▶ [EXERCISE DETAILS]: An exact copy of each line below is needed, with no images in it.

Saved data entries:
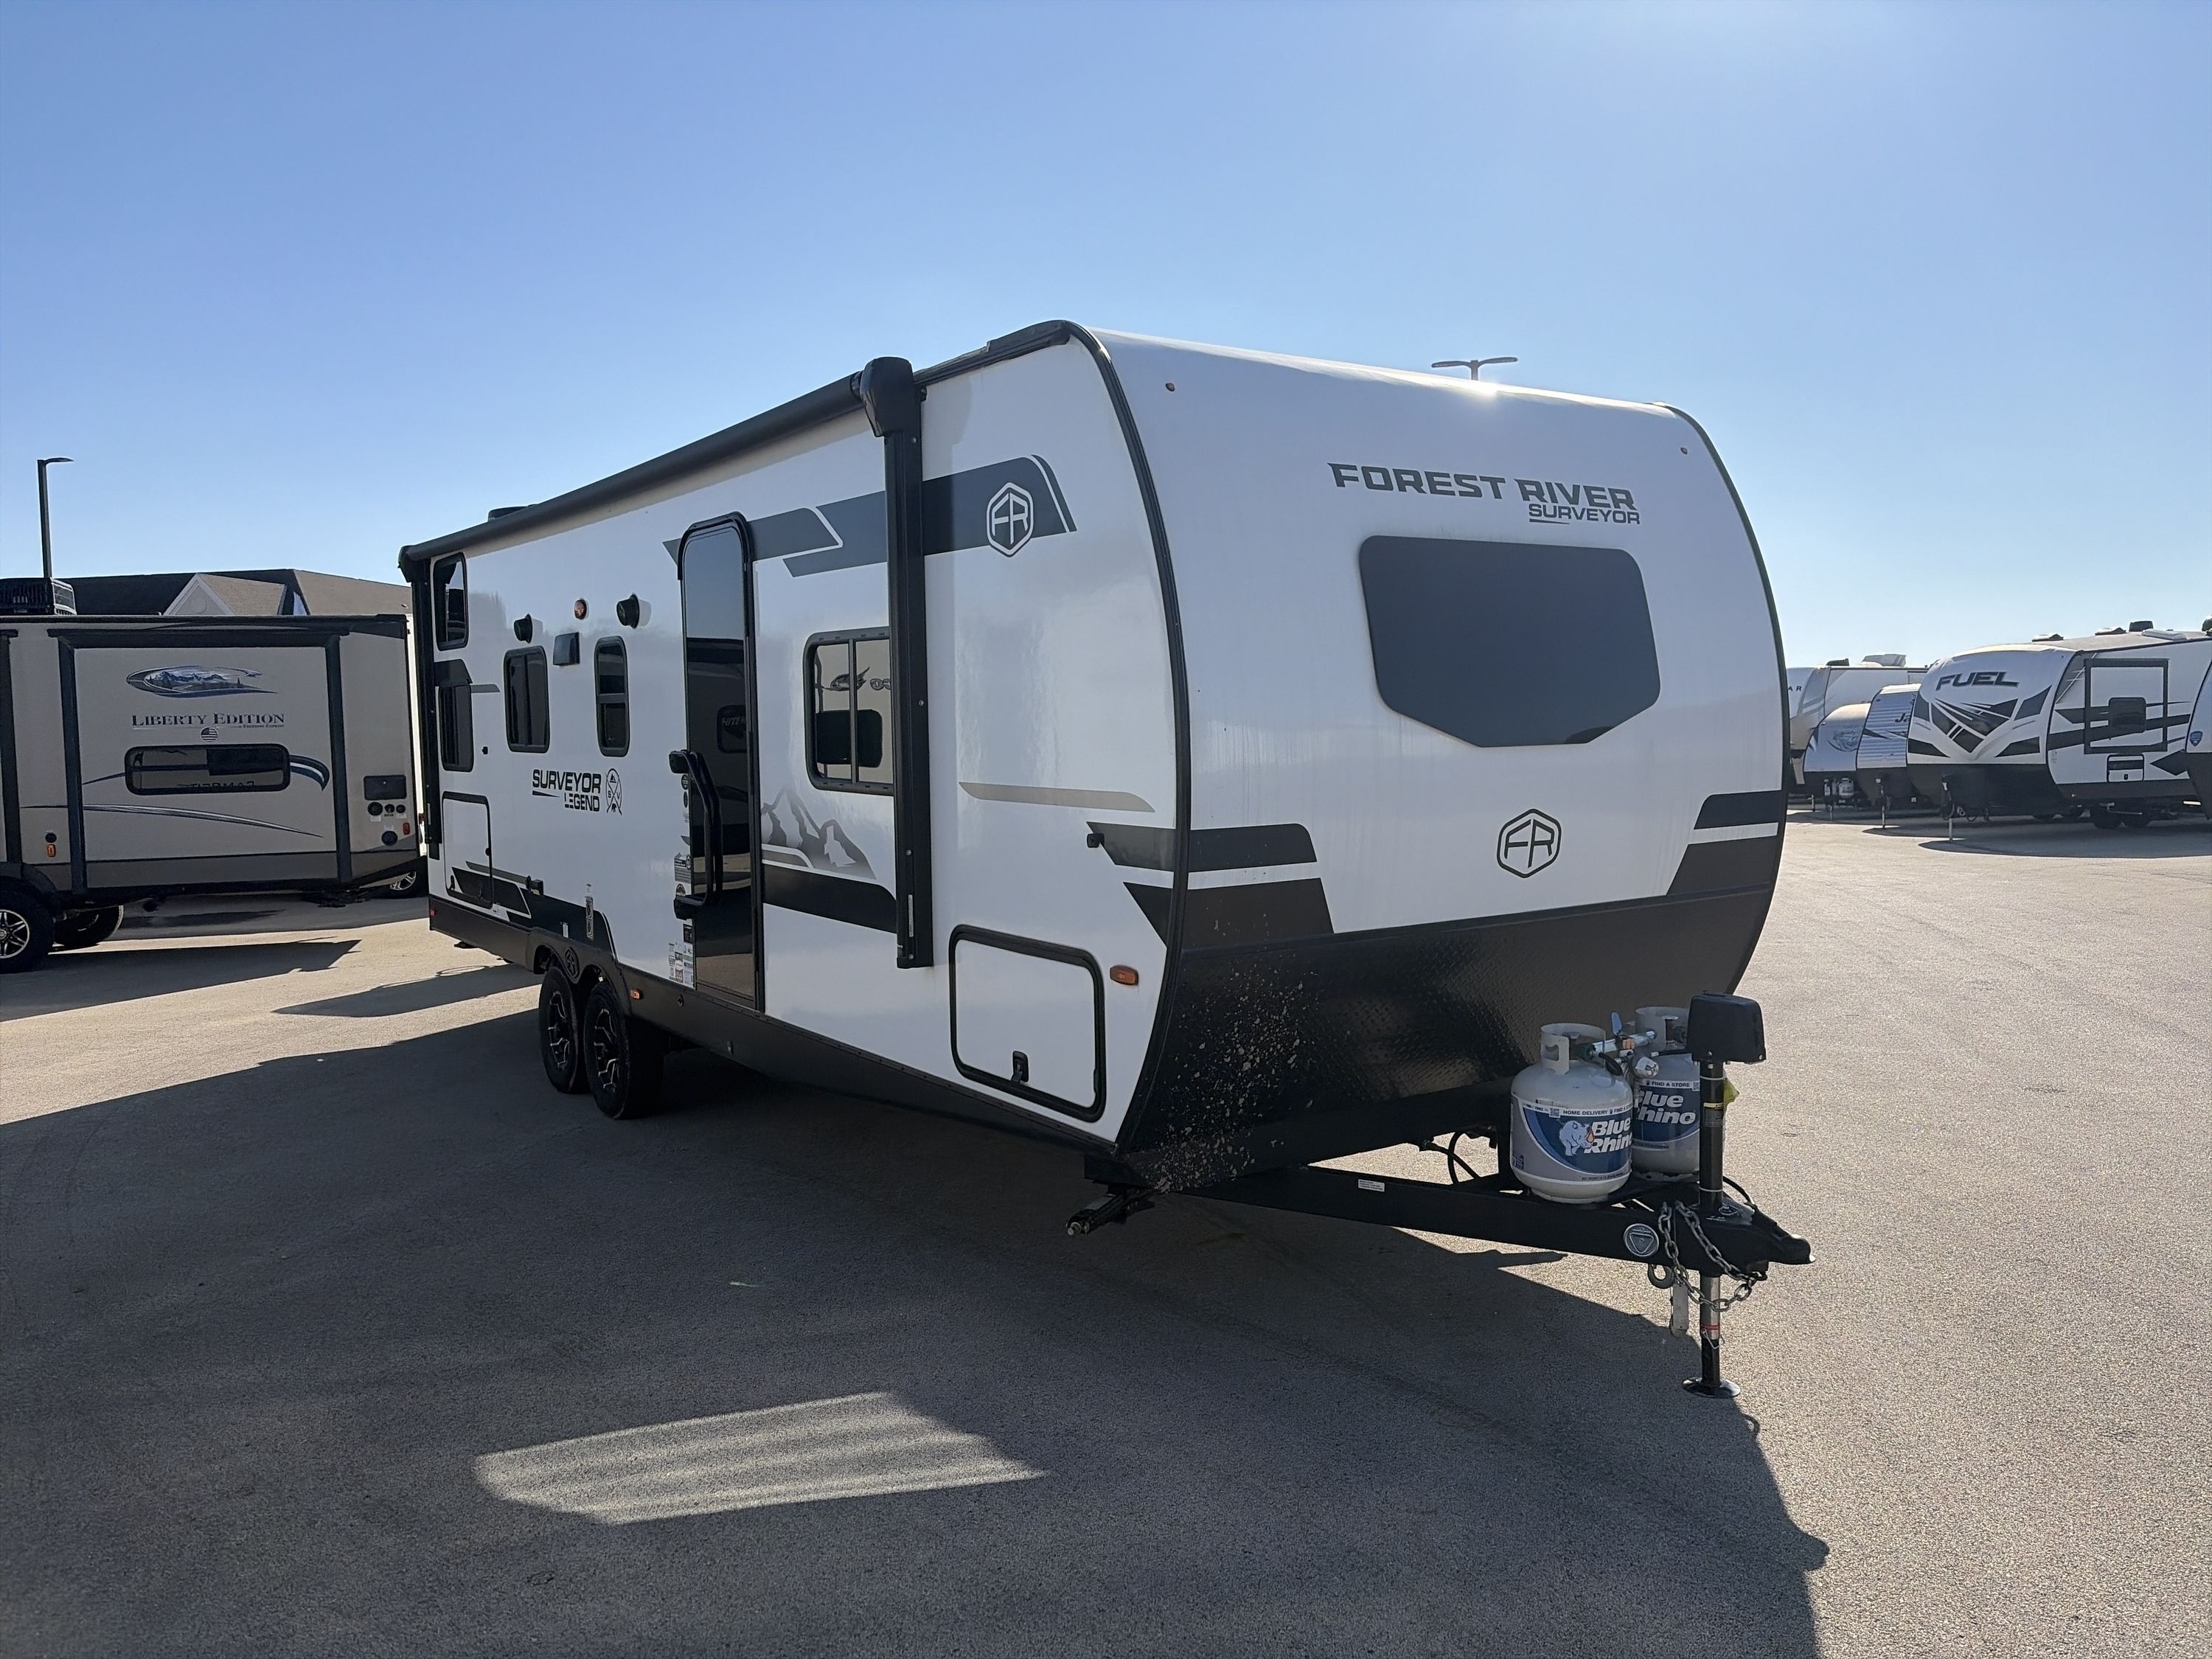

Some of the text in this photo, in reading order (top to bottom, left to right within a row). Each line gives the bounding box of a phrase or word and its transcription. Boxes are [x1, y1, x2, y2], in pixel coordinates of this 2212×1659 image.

[1327, 462, 1638, 510] FOREST RIVER
[1528, 504, 1641, 525] SURVEYOR
[1935, 671, 2020, 692] FUEL
[132, 712, 285, 726] LIBERTY EDITION
[532, 769, 602, 794] SURVEYOR
[564, 792, 600, 813] LEGEND
[1636, 1106, 1697, 1124] hino
[1591, 1116, 1631, 1136] Blue
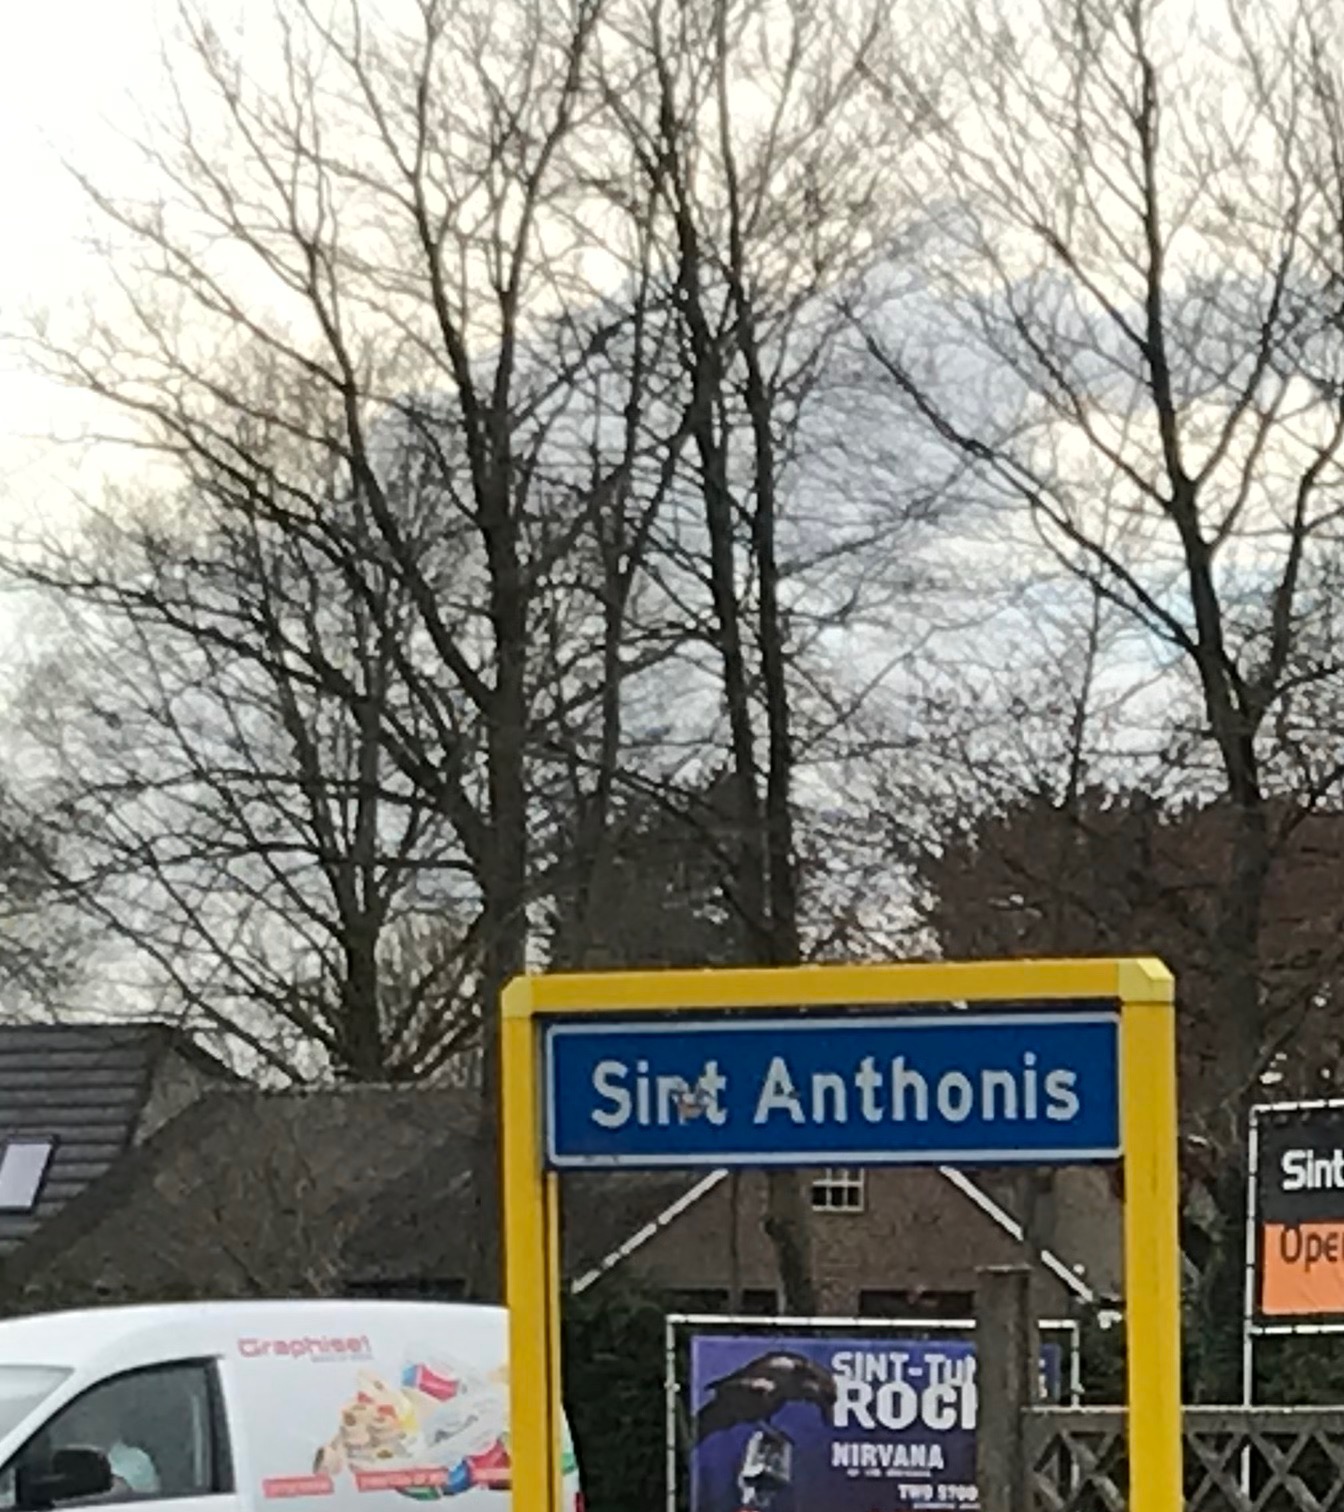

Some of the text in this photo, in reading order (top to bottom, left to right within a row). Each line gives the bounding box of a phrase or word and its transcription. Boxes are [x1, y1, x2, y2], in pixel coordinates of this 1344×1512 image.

[591, 1051, 1080, 1129] Sint Anthonis
[831, 1441, 944, 1469] NIRVANA
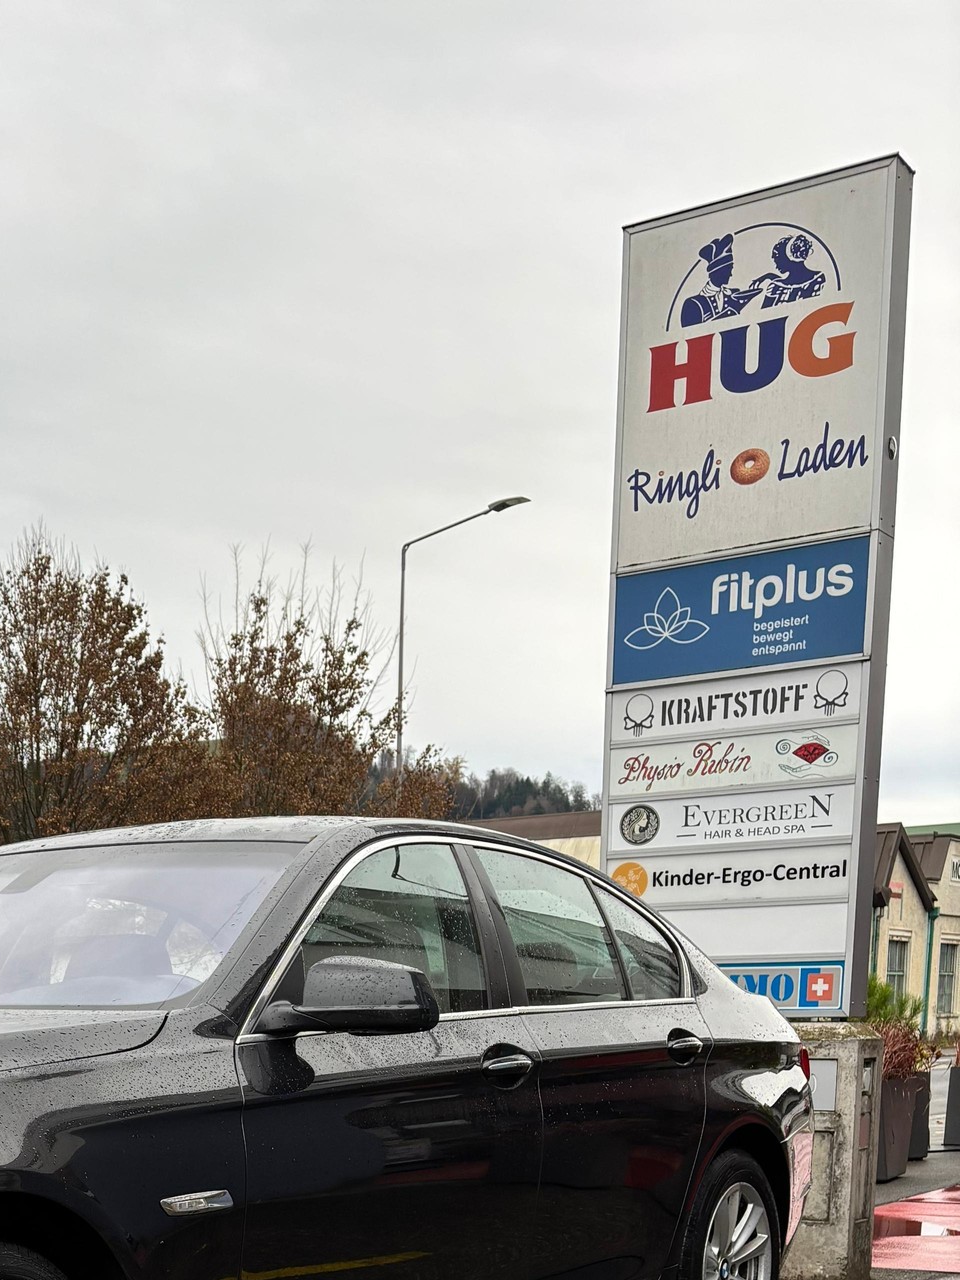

▶ [EXERCISE RESULT]:
Some of the text in this photo, in reading order (top to bottom, left to right within a row). Each line gives the bounding box of a phrase or word and its transcription. Boxes are [x1, y1, x2, y2], in pixel coordinates of this 2212×1659 image.

[1327, 462, 1638, 510] FOREST RIVER
[1528, 504, 1641, 525] SURVEYOR
[1935, 671, 2020, 692] FUEL
[132, 712, 285, 726] LIBERTY EDITION
[532, 769, 602, 794] SURVEYOR
[564, 792, 600, 813] LEGEND
[1636, 1106, 1697, 1124] hino
[1591, 1116, 1631, 1136] Blue

Some of the text in this photo, in reading order (top to bottom, left to right within a row). Each line gives the bounding box of a phrase or word and its transcription. Boxes are [x1, y1, x2, y2], in pixel coordinates of this 1344×1512 image.

[591, 1051, 1080, 1129] Sint Anthonis
[831, 1441, 944, 1469] NIRVANA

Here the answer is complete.